**PROMPT:**
Keep the pictures out, please, and set down every record exactly.
++++
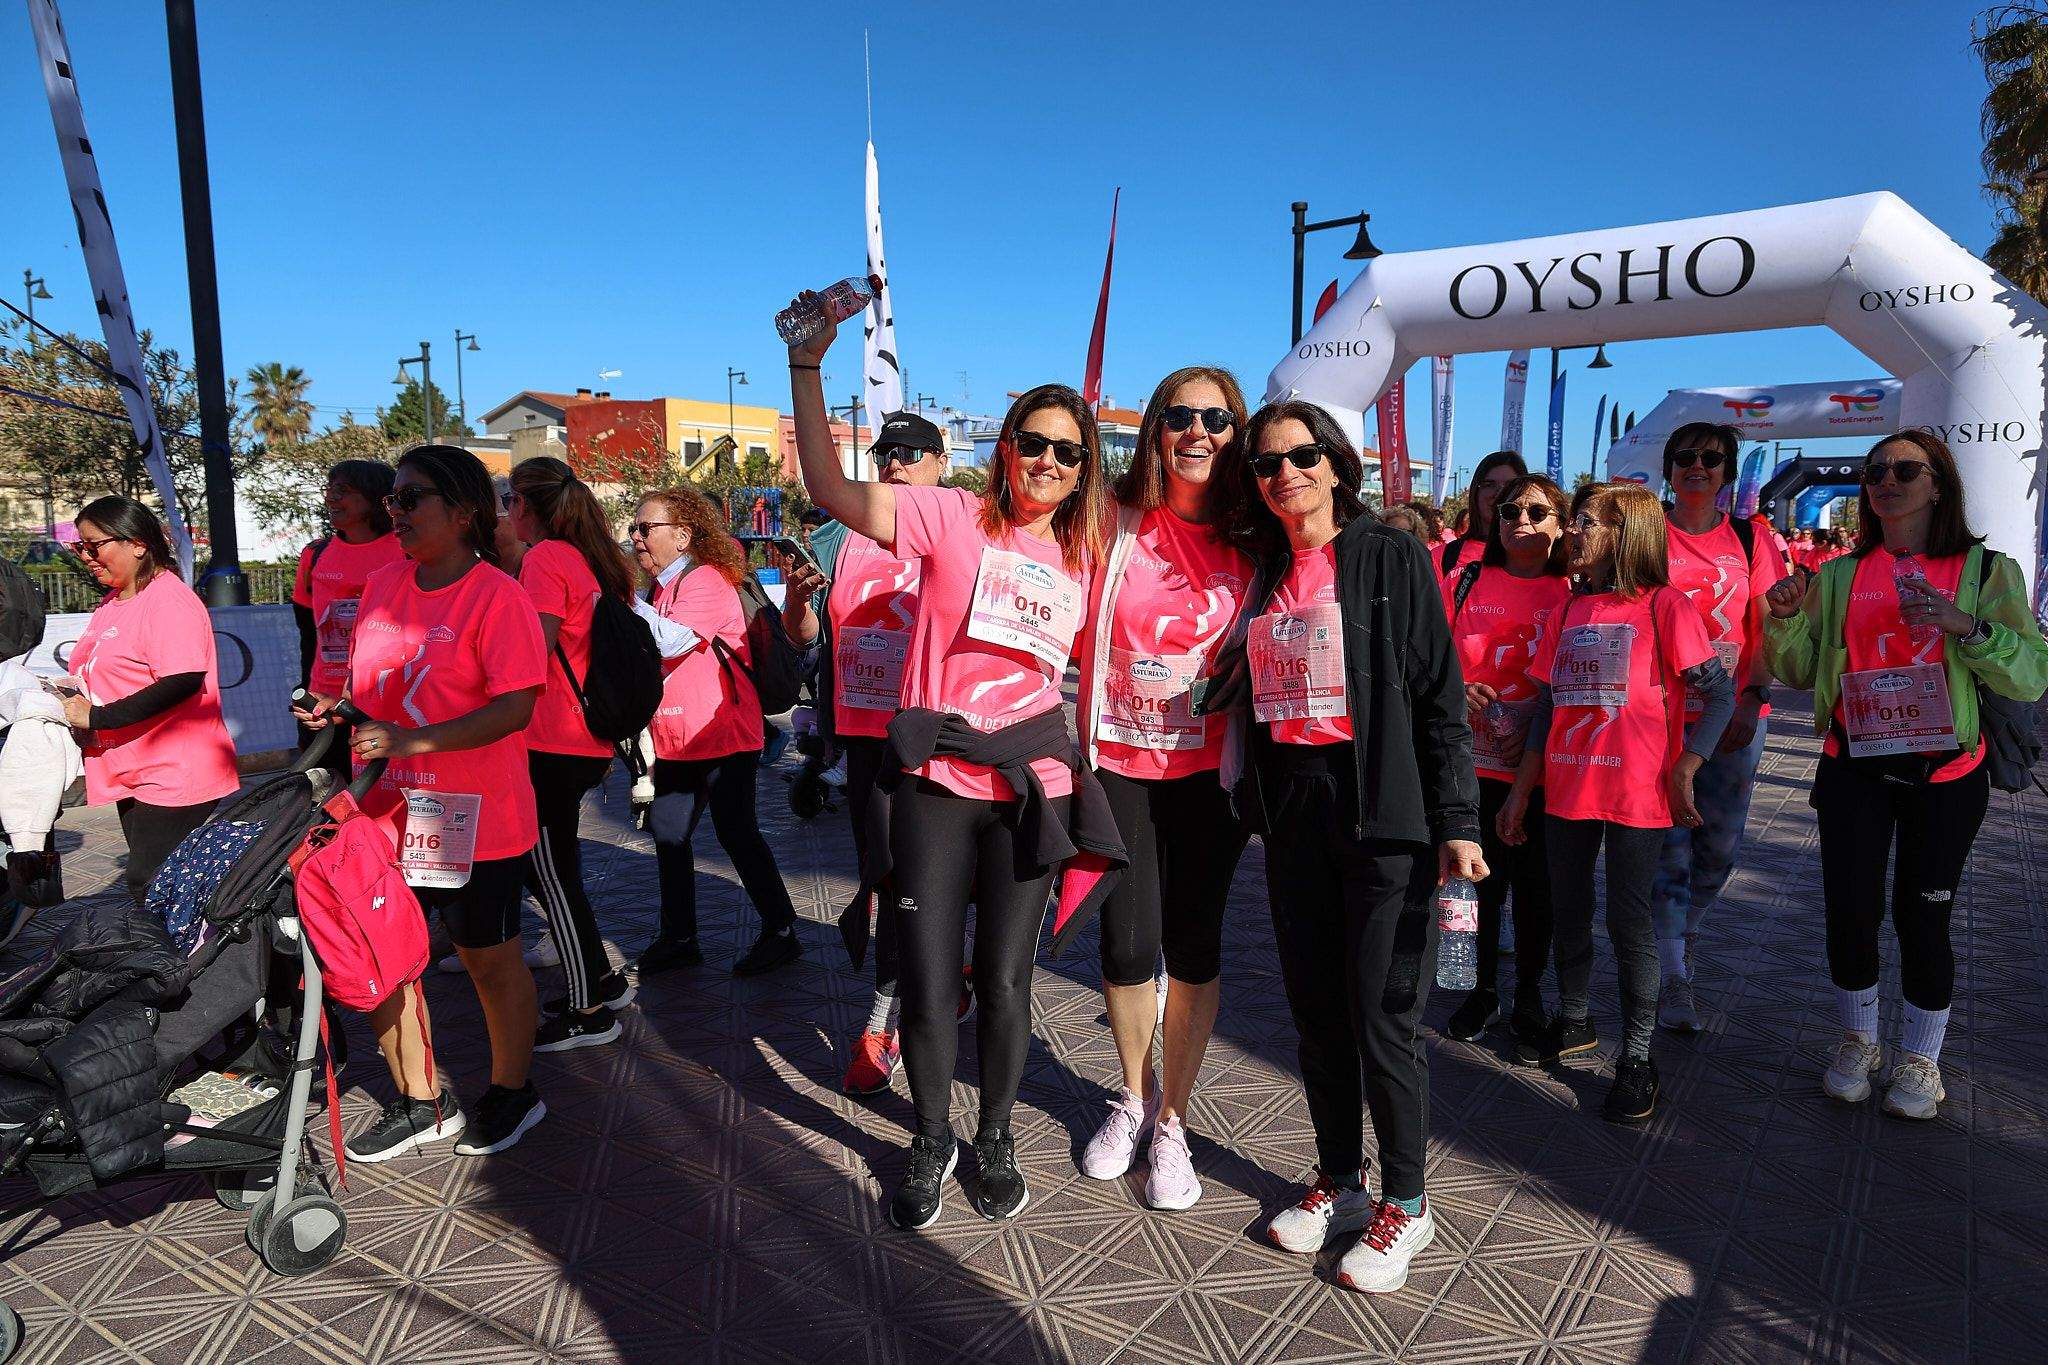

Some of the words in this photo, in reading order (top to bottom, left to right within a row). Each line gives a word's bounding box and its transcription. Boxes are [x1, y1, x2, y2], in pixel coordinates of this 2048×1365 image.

[1449, 236, 1756, 320] OYSHO
[1859, 282, 1975, 312] OYSHO
[1298, 340, 1371, 360] OYSHO
[1131, 553, 1175, 574] OYSHO
[1851, 591, 1884, 601] YSHO
[1015, 596, 1052, 622] 016
[1470, 605, 1506, 615] OYSHO
[367, 620, 402, 633] OYSHO
[1020, 615, 1039, 628] 5445
[855, 664, 885, 679] 016
[1131, 666, 1169, 678] ASTURIANA
[1275, 657, 1308, 678] 016
[1571, 660, 1600, 674] 016
[1874, 679, 1912, 689] ASTURIANA
[1132, 695, 1171, 714] 016
[1879, 704, 1920, 720] 016
[1140, 716, 1155, 724] 943
[1110, 728, 1140, 741] OYSHO
[1860, 742, 1893, 752] OYSHO
[1590, 755, 1622, 768] MUJER
[408, 803, 443, 814] STURIANA
[404, 833, 440, 849] 016
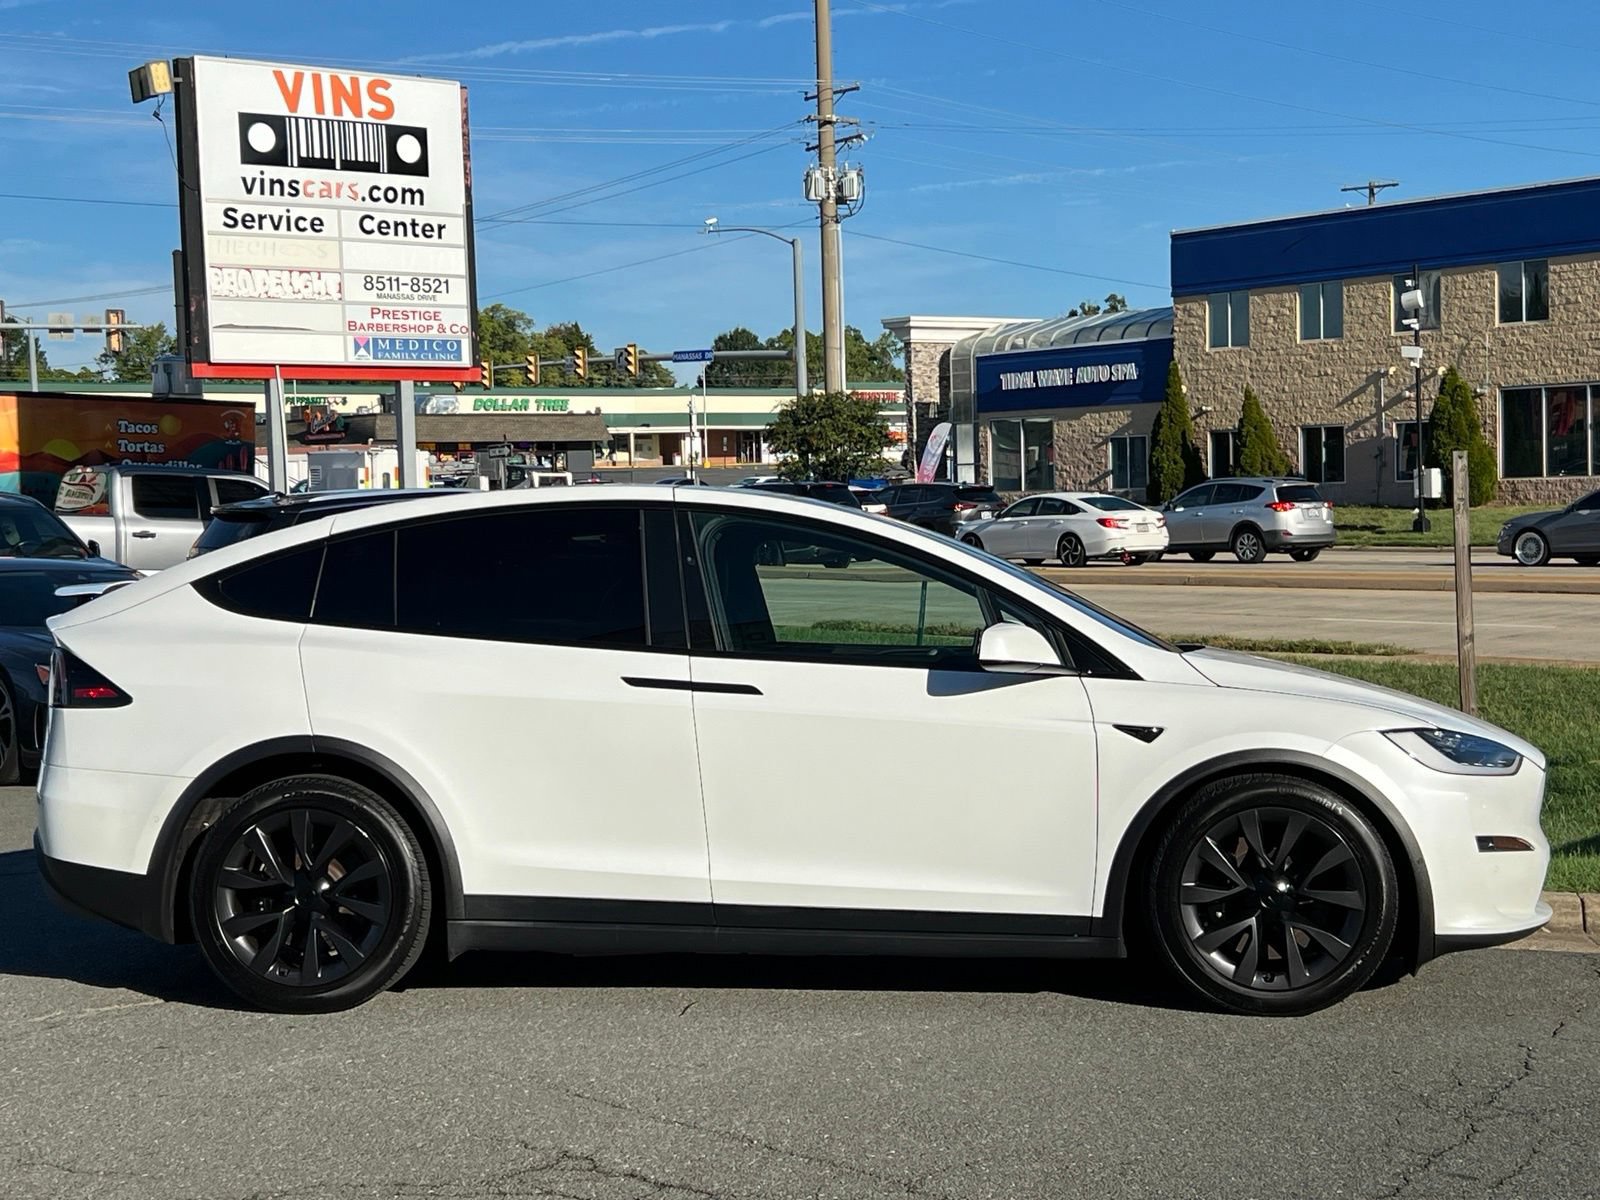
++++
**TASK RESPONSE:**
Some of the words in this photo, in reading order (top to bottom, left to right within a row). Each line gives a word's bounding box and its transcription. Boxes are [x1, y1, x2, y2], in pixel coordinates of this 2048×1365 image.

[1449, 236, 1756, 320] OYSHO
[1859, 282, 1975, 312] OYSHO
[1298, 340, 1371, 360] OYSHO
[1131, 553, 1175, 574] OYSHO
[1851, 591, 1884, 601] YSHO
[1015, 596, 1052, 622] 016
[1470, 605, 1506, 615] OYSHO
[367, 620, 402, 633] OYSHO
[1020, 615, 1039, 628] 5445
[855, 664, 885, 679] 016
[1131, 666, 1169, 678] ASTURIANA
[1275, 657, 1308, 678] 016
[1571, 660, 1600, 674] 016
[1874, 679, 1912, 689] ASTURIANA
[1132, 695, 1171, 714] 016
[1879, 704, 1920, 720] 016
[1140, 716, 1155, 724] 943
[1110, 728, 1140, 741] OYSHO
[1860, 742, 1893, 752] OYSHO
[1590, 755, 1622, 768] MUJER
[408, 803, 443, 814] STURIANA
[404, 833, 440, 849] 016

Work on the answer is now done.